Section 2.7. Organization. Meetings of the Board of Directors shall be presided over by the Chairperson of the Board, if any, or in his or her absence by the Vice Chairperson of the Board, if any, or in his or her absence by the President, or in their absence by a chairperson chosen at the meeting. The Corporate Secretary shall act as secretary of the meeting, but in his or her absence the chairperson of the meeting may appoint any person to act as secretary of the meeting.

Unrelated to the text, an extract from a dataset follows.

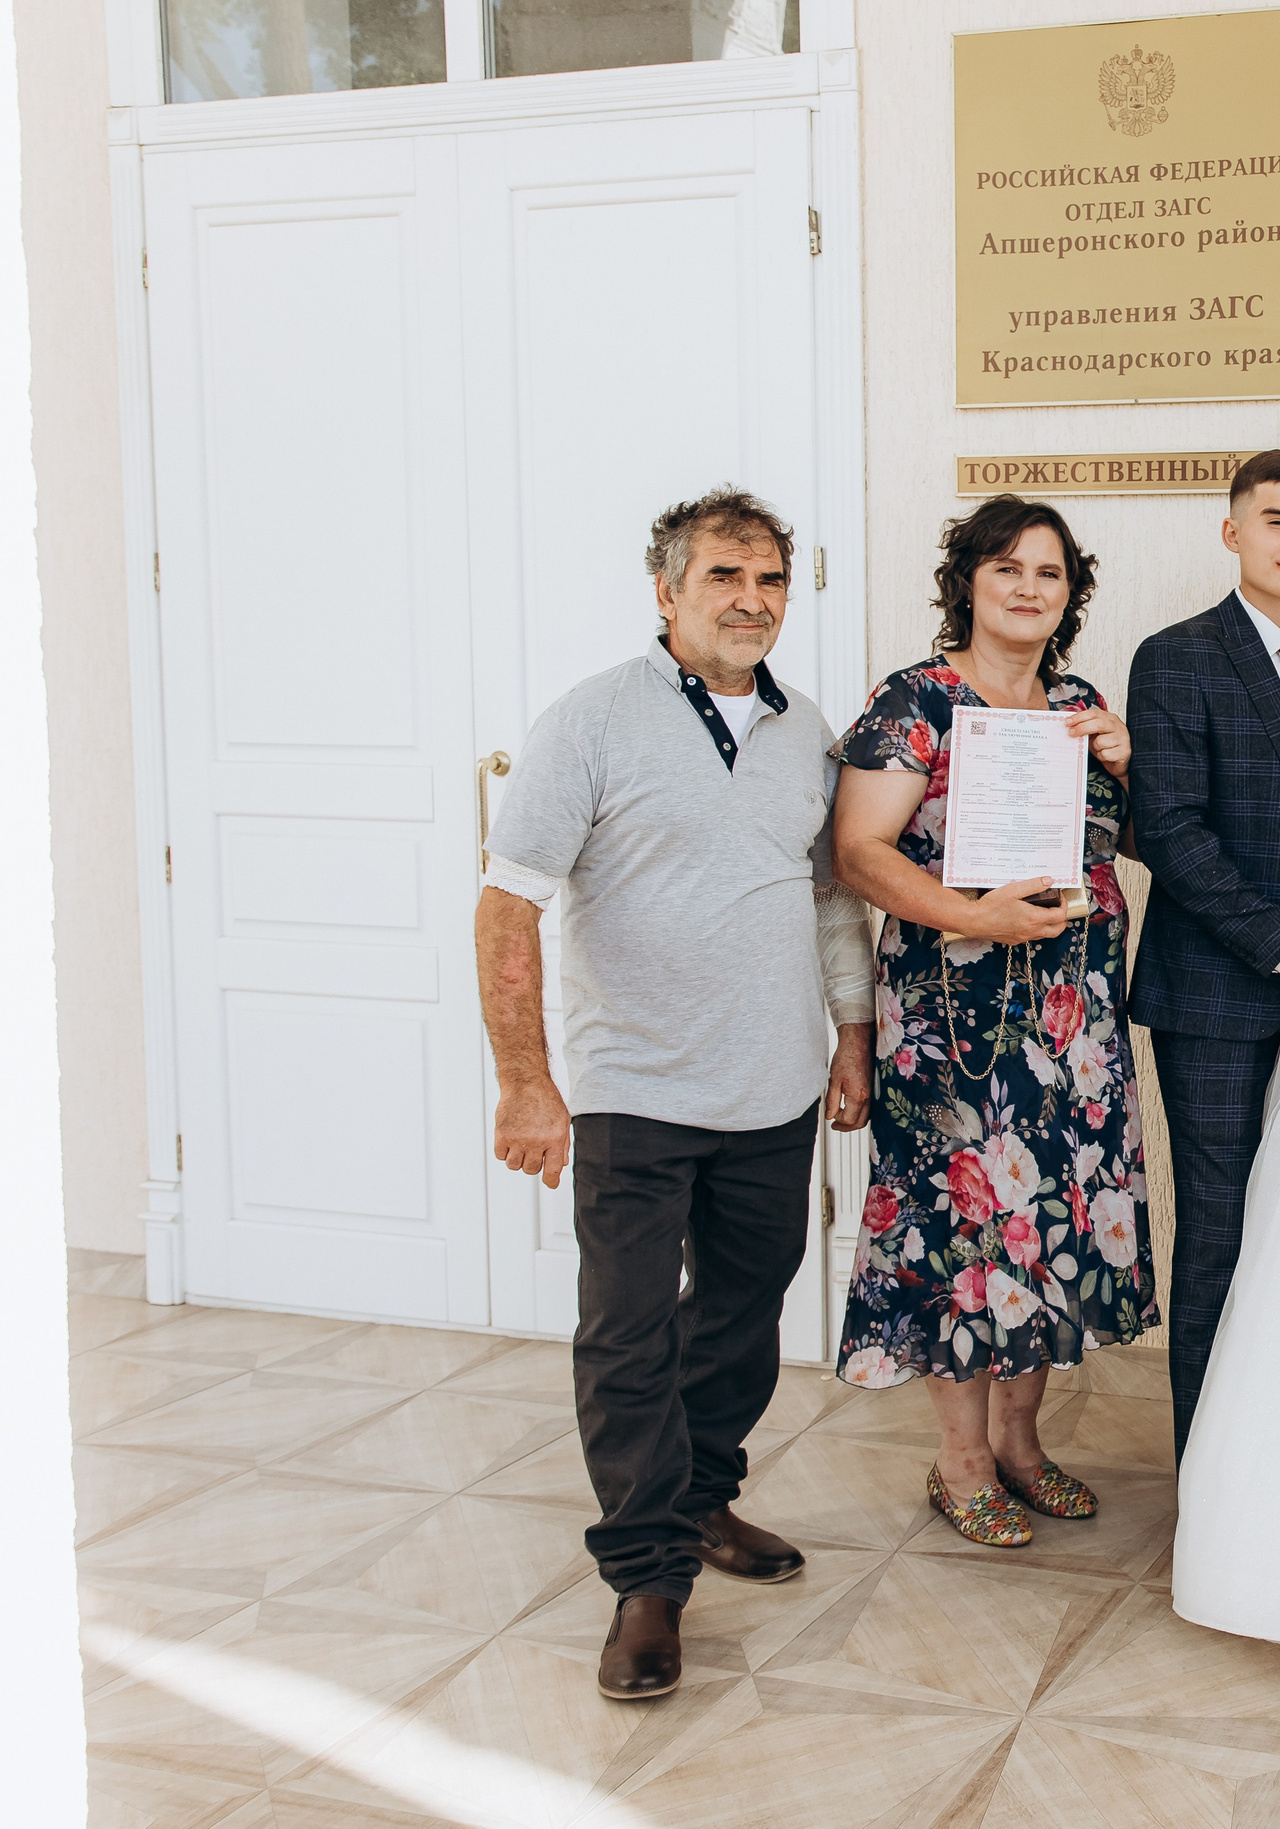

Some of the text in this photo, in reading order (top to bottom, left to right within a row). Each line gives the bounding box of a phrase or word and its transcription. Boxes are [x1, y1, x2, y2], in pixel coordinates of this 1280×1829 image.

Section 2.8. Action by Unanimous Consent of Directors. Unless otherwise restricted by the certificate of incorporation or these bylaws, any action required or permitted to be taken at any meeting of the Board of Directors, or of any committee thereof, may be taken without a meeting if all members of the Board of Directors or such committee, as the case may be, consent thereto in writing or by electronic transmission and the writing or writings or electronic transmissions are filed with the minutes of proceedings of the board or committee in accordance with applicable law.

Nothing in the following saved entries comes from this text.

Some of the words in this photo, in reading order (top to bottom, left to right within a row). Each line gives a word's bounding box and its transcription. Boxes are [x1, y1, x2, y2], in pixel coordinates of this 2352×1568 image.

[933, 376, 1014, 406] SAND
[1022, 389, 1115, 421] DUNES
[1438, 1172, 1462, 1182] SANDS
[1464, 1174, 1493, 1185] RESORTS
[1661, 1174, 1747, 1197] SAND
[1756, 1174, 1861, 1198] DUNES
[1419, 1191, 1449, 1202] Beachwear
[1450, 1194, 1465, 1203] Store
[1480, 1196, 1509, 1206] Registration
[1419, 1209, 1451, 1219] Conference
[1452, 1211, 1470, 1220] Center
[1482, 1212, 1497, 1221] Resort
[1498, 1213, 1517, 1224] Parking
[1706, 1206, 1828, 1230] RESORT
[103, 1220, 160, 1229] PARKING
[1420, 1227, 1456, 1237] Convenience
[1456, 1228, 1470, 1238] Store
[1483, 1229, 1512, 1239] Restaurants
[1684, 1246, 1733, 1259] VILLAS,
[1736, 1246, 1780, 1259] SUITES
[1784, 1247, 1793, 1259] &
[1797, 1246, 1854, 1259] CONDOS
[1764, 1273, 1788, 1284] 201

Section 2.9. Corporate Opportunity. In recognition and anticipation of the facts that (i) the directors, managers, officers, members, partners, managing members, employees and/or agents of the Investor Group (each of the foregoing, an “Investor Group Related Person”) may serve as directors and/or officers of the corporation (which, for purposes of this Section 2.9, shall, unless the context otherwise requires, include any subsidiaries of the corporation), and (ii) the Investor Group engages and may continue to engage in the same or similar activities or related lines of business as those in which the corporation, directly or indirectly, may engage and/or other business activities that overlap with or compete with those in which the corporation, directly or indirectly, may engage, the provisions of this Section 2.9 are set forth to regulate and define the conduct of certain affairs of the corporation as they may involve the Investor Group and the Investor Group Related Persons, and the powers, rights, duties and liabilities of the corporation and its officers, directors and stockholders in connection therewith.

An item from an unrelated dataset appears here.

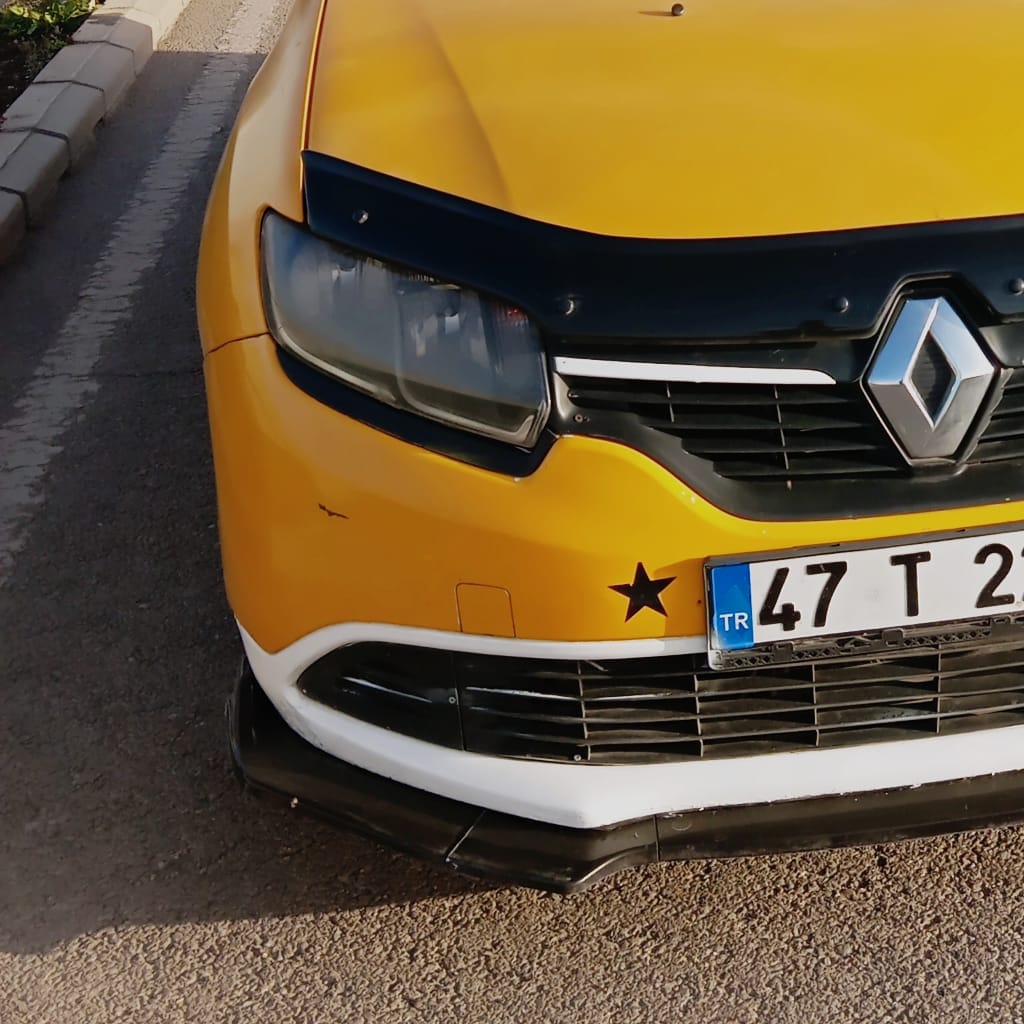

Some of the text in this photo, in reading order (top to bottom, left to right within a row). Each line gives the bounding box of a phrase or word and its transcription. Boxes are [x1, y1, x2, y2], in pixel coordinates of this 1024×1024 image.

Except as otherwise agreed in writing between the Investor Group or the Investor Group Related Persons and the corporation, or as provided below, to the fullest extent permitted by law, except as may be otherwise agreed in writing between such Investor Group Related Person and the corporation, (a) no Investor Group Related Person (other than any director who is an executive officer of the corporation) shall have any duty (fiduciary or otherwise) or obligation, if any, to refrain from (i) engaging in the same or similar activities or lines of business as the corporation or any of its subsidiaries or (ii) doing business with any client, customer or vendor of the corporation or any of its subsidiaries, including, in the cases of clauses (i) or (ii), any such matters as may be Corporate Opportunities (as defined below); and (b) no Investor Group Related Person shall be deemed to have breached any duty (fiduciary or otherwise), if any, to the corporation or any of its subsidiaries or stockholders solely by reason of any Investor Group Related Person (other than any director who is an executive officer of the corporation) engaging in any such activity or entering into such transactions, including any Corporate Opportunities. “Corporate Opportunity” means any potential transaction, investment or business opportunity or prospective economic or competitive advantage in which the corporation or any of its subsidiaries could have any expectancy or interest (other than any Identified Corporate Opportunity).